Accepts a linear array holding objects with the following key-value pairs.

- `name` required
- `value` required
- `domain`
- `url`
- `path`
- `expires` Unix time in seconds.
- `httpOnly`
- `secure`
- `sameSite` <"Strict"|"Lax">

If the `domain` argument is missing, the `url` argument will be automatically set with the requesting URL.

```
http(s)://{app address}/www/?url=https%3A%2F%2Fgoogle.com%2F&output=jpg&cookies[0][name]=foo&cookies[0][value]=bar&
```

#### (array) `args`

The `args` argument for the `puppeteer.launch()` method. For accepted arguments, please see [here](https://peter.sh/experiments/chromium-command-line-switches/).

e.g.
```
http(s)://{app address}/www/?url=https%3A%2F%2Fgoogle.com%2F&output=jpg&args[]=--lang=en-GB
```

#### (string) `proxy`

Format: `scheme://username:password@ipaddress:port`

For example, to set `socks4://127.0.0.1:1080`,

```
http(s)://{app address}/www/?url=https%3A%2F%2Fwww.google.com&output=png&proxy=socks4%3A%2F%2F127.0.0.1:1080
```

#### (array) `block`
Blocks specified resources. This has the following sub argument keys.
- types
- urls

##### (array) `types`
Specifies the types to block.

Accepted values:
- `image`
- `stylesheet`
- `font`
- `script`

By default, when the output type is `html' or `json`, and no `block` value is passed, `image`, `stylesheet`, and `font` are added by default.

```
http(s)://{app address}/www/?url=https%3A%2F%2Fwww.amazon.com%2Fgp%2Fgoldbox&output=png&block[types][]=script
```

##### (array) `urls`
Specifies the part of URLs to block. Use asterisk (`*`) to match any characters.

Such as:
- `*.optimizely.com`
- `googleadservices.com`

```
http(s)://{app address}/www/?url=https%3A%2F%2Fwww.amazon.com%2Fgp%2Fgoldbox&output=png&block[urls][]=googleadservices.com
```

#### (string|array) `waitUntil`
Determines when Puppeteer decides the page is fully loaded.

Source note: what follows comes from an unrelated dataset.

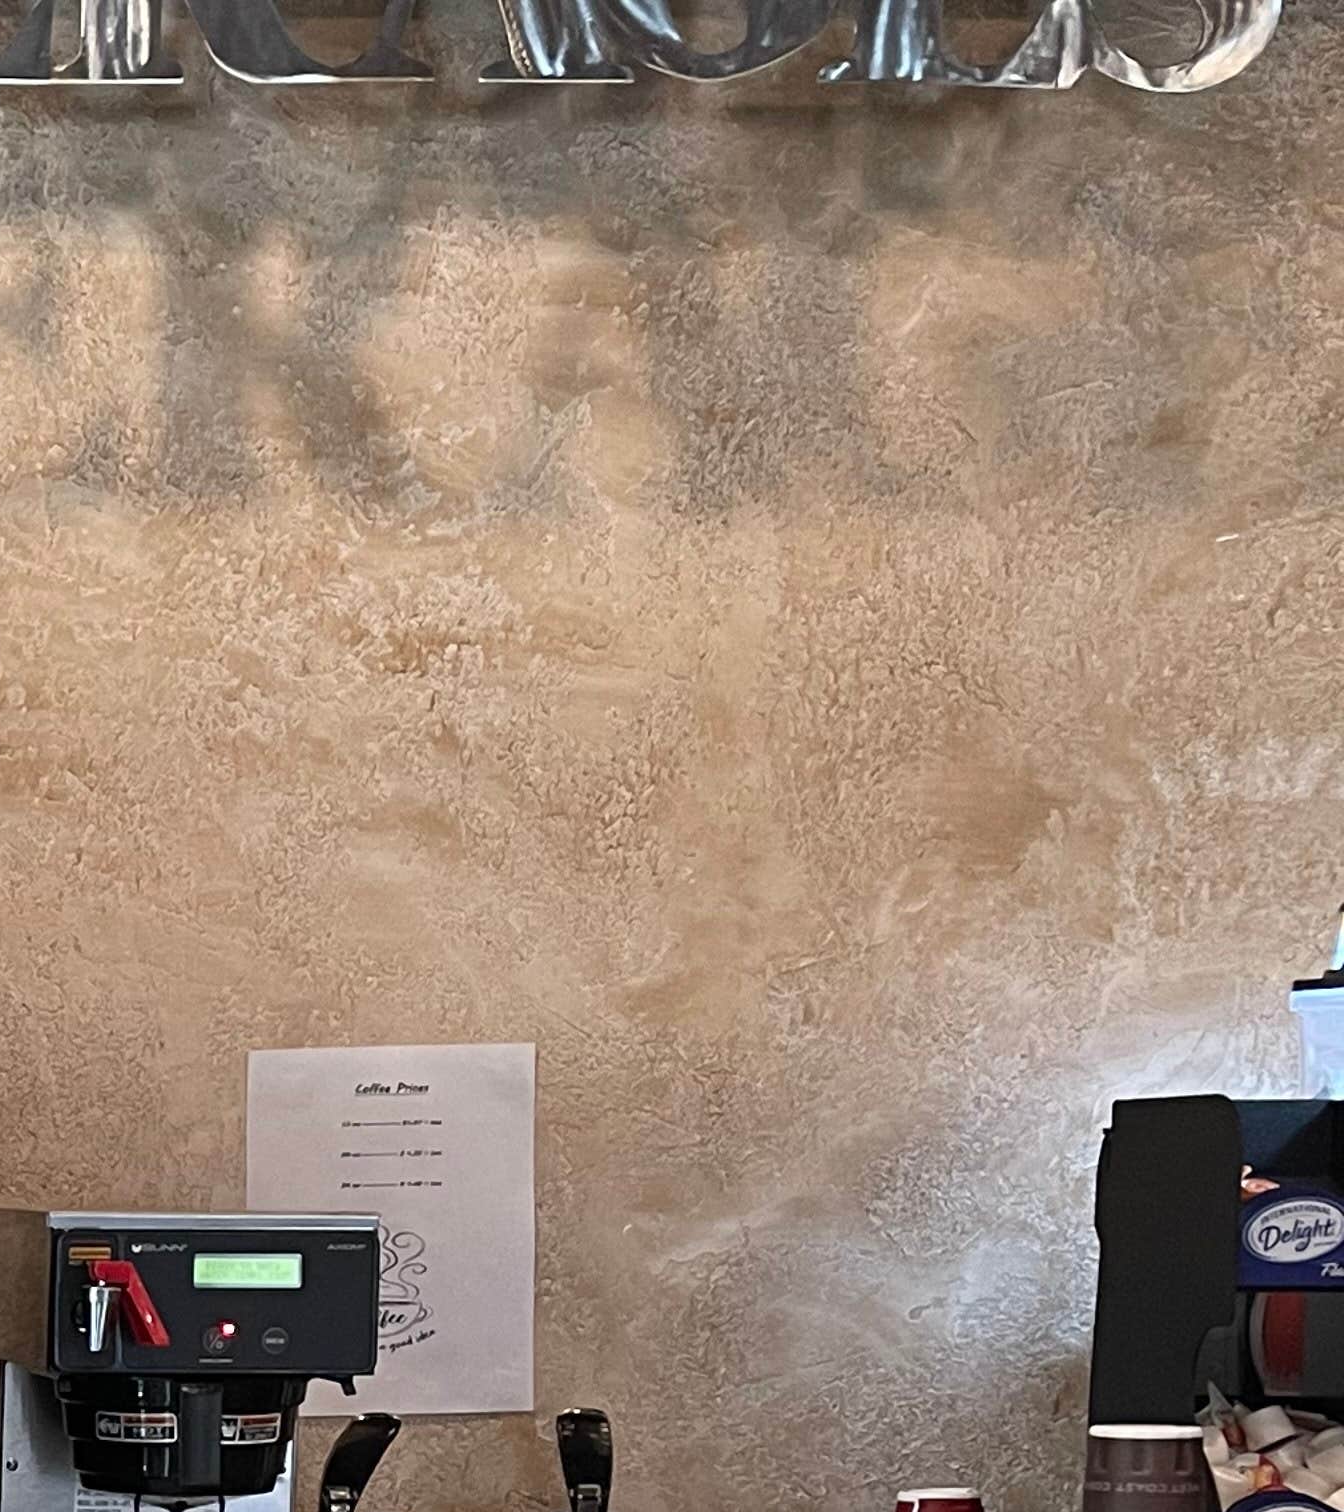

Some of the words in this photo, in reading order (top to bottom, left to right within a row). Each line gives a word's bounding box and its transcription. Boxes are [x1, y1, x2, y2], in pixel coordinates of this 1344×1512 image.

[355, 1083, 391, 1094] Coffee
[397, 1082, 429, 1094] Prices
[1258, 1218, 1336, 1252] Delight

The same as the `waitUntil` parameter of the `goto()` page method.. Accepted values are `load`, `domcontentloaded`, `networkidle0`, and `networkidle2`.

Default: `load`.

> - `load` - consider navigation to be finished when the load event is fired.
> - `domcontentloaded` - consider navigation to be finished when the DOMContentLoaded event is fired.
> - `networkidle0` - consider navigation to be finished when there are no more than 0 network connections for at least 500 ms.
> - `networkidle2` - consider navigation to be finished when there are no more than 2 network connections for at least 500 ms.
>
> -- [Puppeteer API Tip-Of-Tree page([options])][4]

[4]: https://github.com/puppeteer/puppeteer/blob/main/docs/api.md#pagegotourl-options

#### (array) `action`
Performs certain actions on the loaded web page such as click, remove, type, wait for something and so on.

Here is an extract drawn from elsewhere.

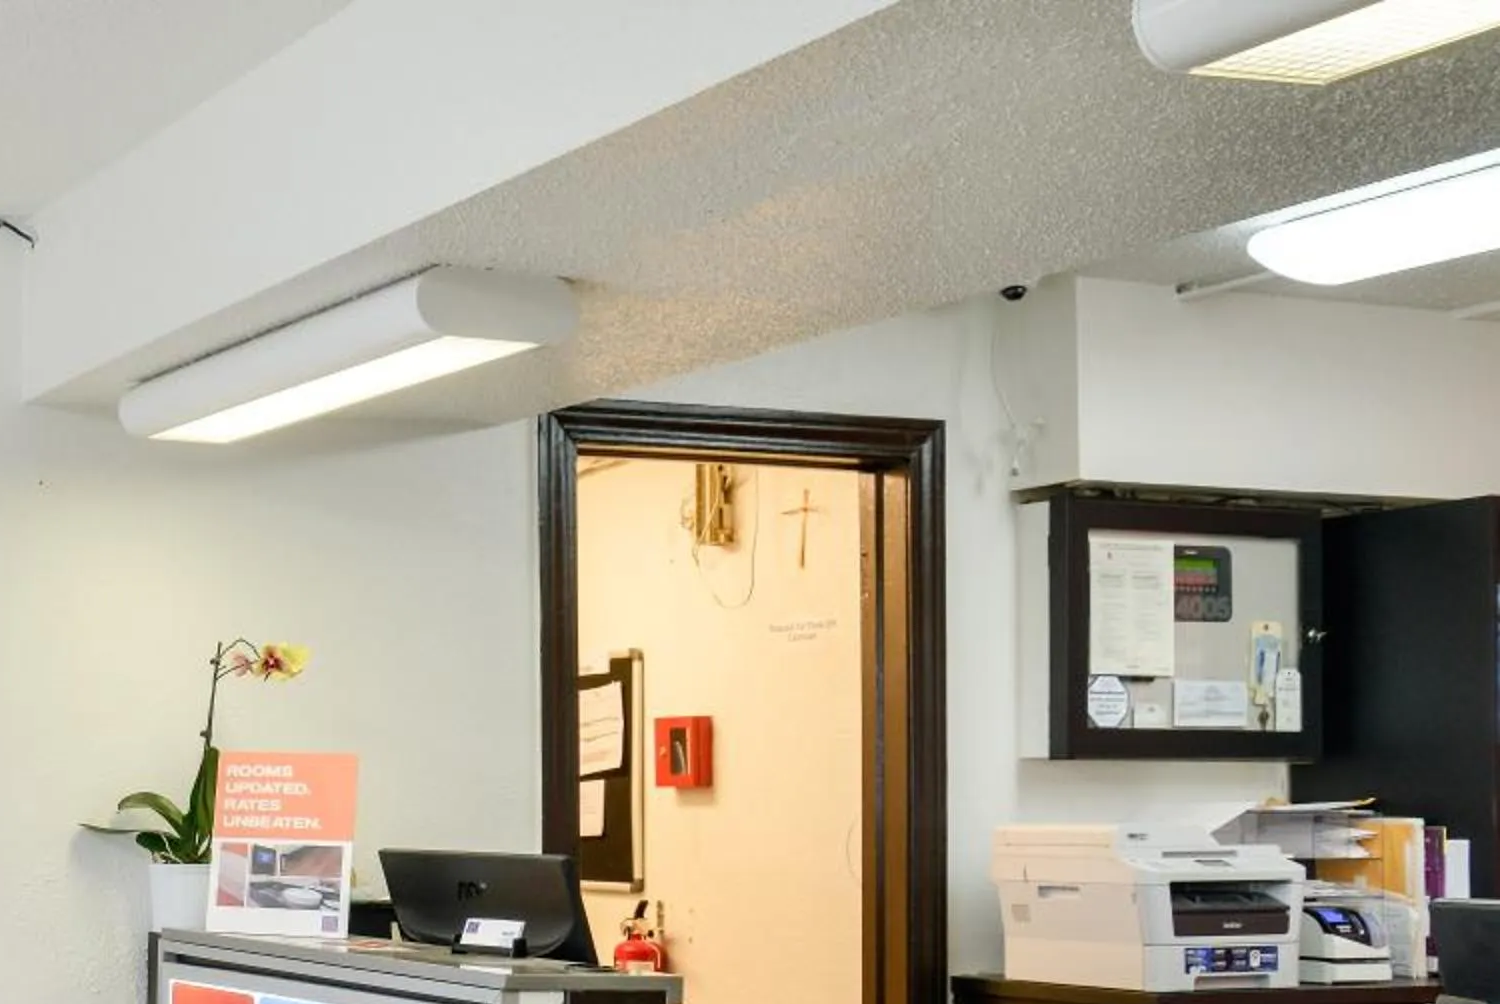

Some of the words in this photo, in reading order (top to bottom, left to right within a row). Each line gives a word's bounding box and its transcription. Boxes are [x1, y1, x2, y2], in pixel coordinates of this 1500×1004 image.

The action parameter must be a numeric linear array holding key-value pairs of action type and action value.

For example, the following request will perform a search on DuckDuckGo.
```
http(s)://{app address}/www/?url=https%3A%2F%2Fduckduckgo.com&output=png&action[0][select]=%23search_form_input_homepage&action[1][type]=Web%20Page%20Dumper&action[2][click]=%23search_button_homepage&action[3][waitForNavigation]=
```

Notice that actions are performed sequentially. In the above example, it is interpreted as

```
[
{
select: #search_form_input
},
{
type: Web Page Dumper
},
{
click: #search_button_homepage
},
{
waitForNavigation:
},
]
```

##### Action Types
The available action types are as follows.

###### (selector) select
Selects elements specified with a selector. Use this before an action that does not have a selector parameter.

Accepts a value of selector. The selector can be XPath.

###### (selector) click

Clicks a first found element specified with a selector.

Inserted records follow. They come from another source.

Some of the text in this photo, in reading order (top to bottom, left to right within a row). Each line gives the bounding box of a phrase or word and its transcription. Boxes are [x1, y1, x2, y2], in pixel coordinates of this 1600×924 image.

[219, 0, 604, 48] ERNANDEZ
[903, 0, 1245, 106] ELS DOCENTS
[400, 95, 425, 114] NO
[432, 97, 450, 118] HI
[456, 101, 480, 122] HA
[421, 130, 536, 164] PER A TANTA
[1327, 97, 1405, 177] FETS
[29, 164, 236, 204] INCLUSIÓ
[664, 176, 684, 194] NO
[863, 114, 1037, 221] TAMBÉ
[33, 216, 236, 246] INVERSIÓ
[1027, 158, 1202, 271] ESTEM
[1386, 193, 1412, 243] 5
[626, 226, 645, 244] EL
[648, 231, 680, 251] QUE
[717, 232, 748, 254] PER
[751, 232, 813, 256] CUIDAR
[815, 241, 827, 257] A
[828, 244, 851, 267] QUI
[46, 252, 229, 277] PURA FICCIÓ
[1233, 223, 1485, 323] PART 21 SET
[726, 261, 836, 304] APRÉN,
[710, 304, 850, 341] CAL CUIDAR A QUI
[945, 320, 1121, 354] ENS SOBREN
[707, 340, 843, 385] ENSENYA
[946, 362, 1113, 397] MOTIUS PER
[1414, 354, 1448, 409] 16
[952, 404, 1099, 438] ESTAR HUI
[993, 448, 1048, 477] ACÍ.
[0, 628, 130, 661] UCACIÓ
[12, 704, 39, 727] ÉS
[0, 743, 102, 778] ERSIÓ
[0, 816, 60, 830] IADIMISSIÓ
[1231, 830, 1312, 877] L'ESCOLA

Accepts a value of selector. The selector can be XPath.

This clicks on the top-right icon that expands the app panel on Google home page.
```
http(s)://{app address}/www/?url=https%3A%2F%2Fgoogle.com&output=jpg&action[][click]=a.gb_C
```

###### (selector) remove
Removes elements specified with a selector.

Accepts a value of selector. The selector can be XPath.

This removes the top banner element on the Google search page. Notice that `.k1zIA` is the class selector of the banner container.

```
http(s)://{app address}/www/?url=https%3A%2F%2Fgoogle.com&output=png&action[][remove]=.k1zIA
```

###### (characters) type
Types given characters.

This action does not accept a selector. Use the `select` action before this to specify an element for typing.

###### (selector) choose
Selects an item from a `` tag.

Accepts a value of selector. _* This action does not support XPath._

###### (selector) extract
Extracts elements.

This replaces the elements' innerHTML with the HTML body tag inner HTML. Use this to lighten up the result source code.

Accepts a value of selector.

###### (selector) extractHard
Extracts elements.

Similar to the `extract` action except that this removes all head tag elements so the styles will be lost.

Accepts a value of selector.

###### (selector) waitForElement
Waits for an element to appear.

Accepts a value of selector. The selector can be XPath.

###### (void) waitForNavigation
Waits for the next page to load, used with clicking a link or submitting a form.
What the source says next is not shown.